Print the data exactly. Pictures stay out.

------ Source information

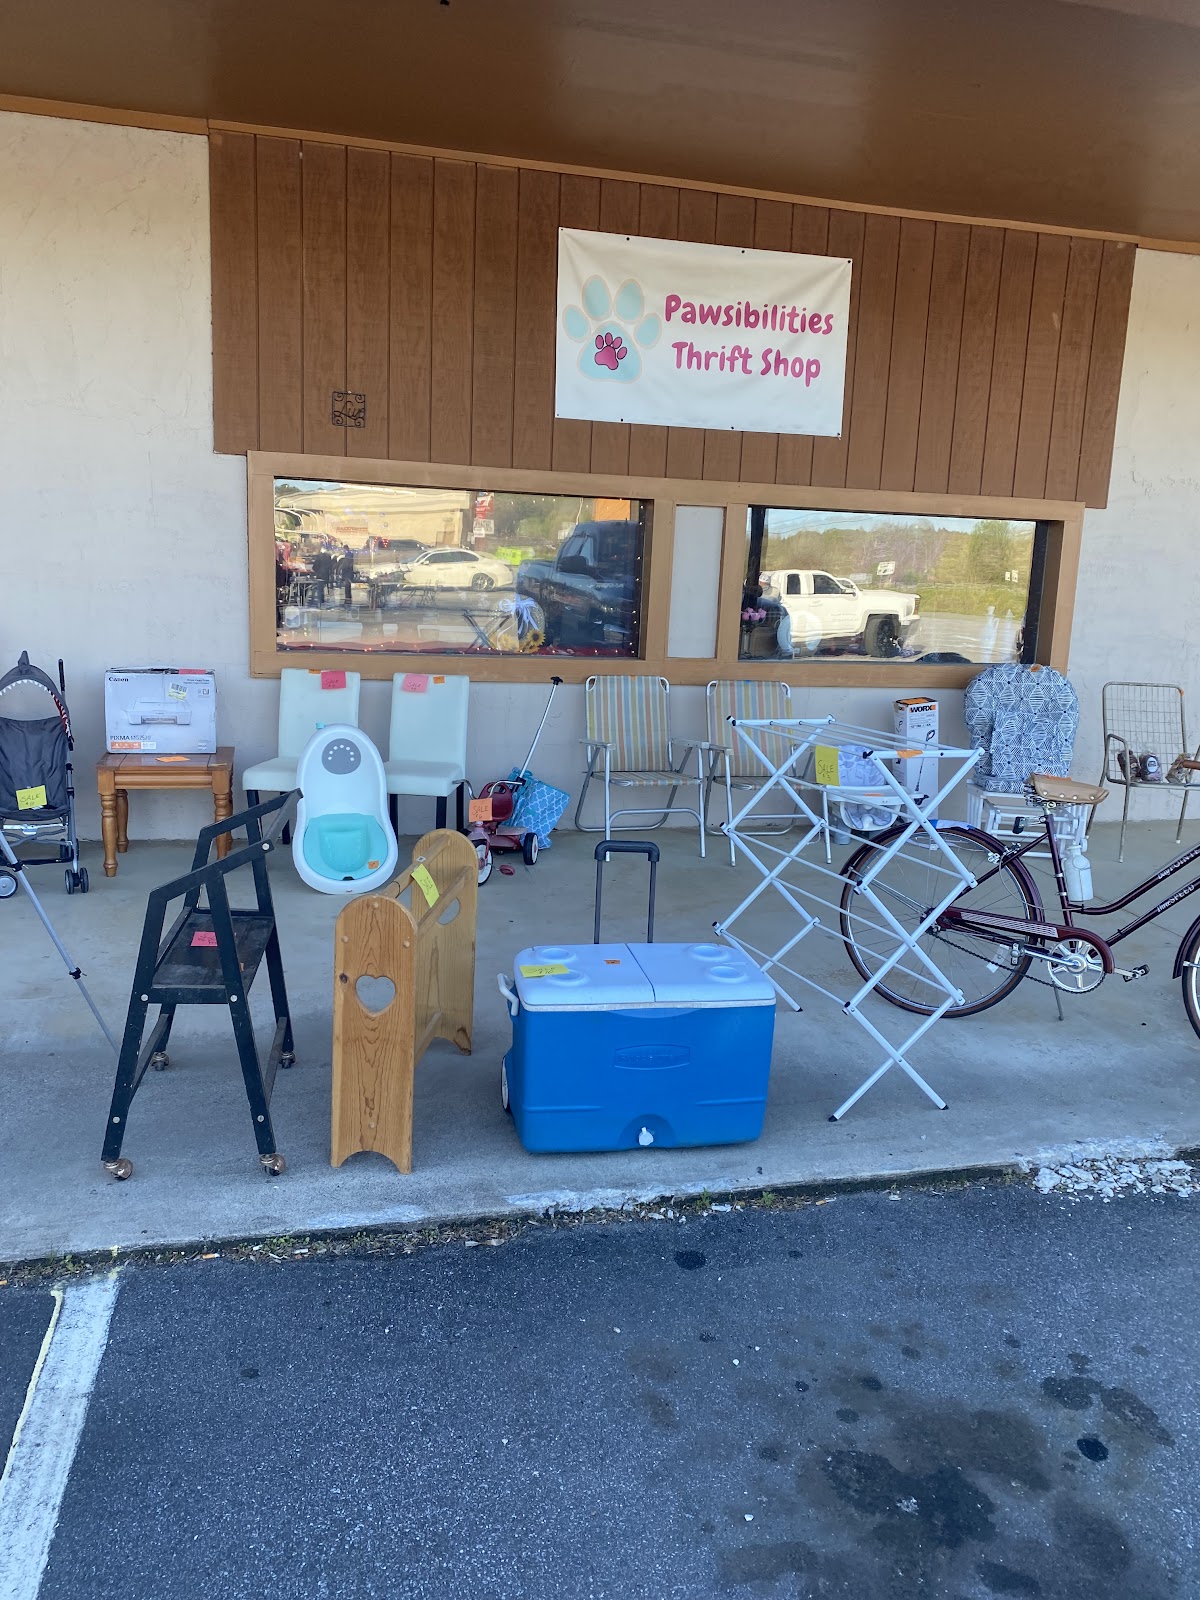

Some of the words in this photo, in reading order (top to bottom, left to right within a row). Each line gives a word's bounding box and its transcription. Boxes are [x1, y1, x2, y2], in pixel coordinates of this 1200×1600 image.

[665, 294, 834, 335] Pawsibilities
[671, 341, 753, 375] Thrift
[760, 347, 821, 387] Shop
[911, 705, 932, 713] WORX
[819, 759, 834, 775] SALE
[20, 794, 40, 802] SALE
[472, 805, 488, 815] SALE

------------

> [Result of this task]:
Some of the words in this photo, in reading order (top to bottom, left to right within a row). Each line gives a word's bounding box and its transcription. Boxes are [x1, y1, x2, y2], in pixel coordinates of this 1200×1600 image.

[665, 294, 834, 335] Pawsibilities
[671, 341, 753, 375] Thrift
[760, 347, 821, 387] Shop
[911, 705, 932, 713] WORX
[819, 759, 834, 775] SALE
[20, 794, 40, 802] SALE
[472, 805, 488, 815] SALE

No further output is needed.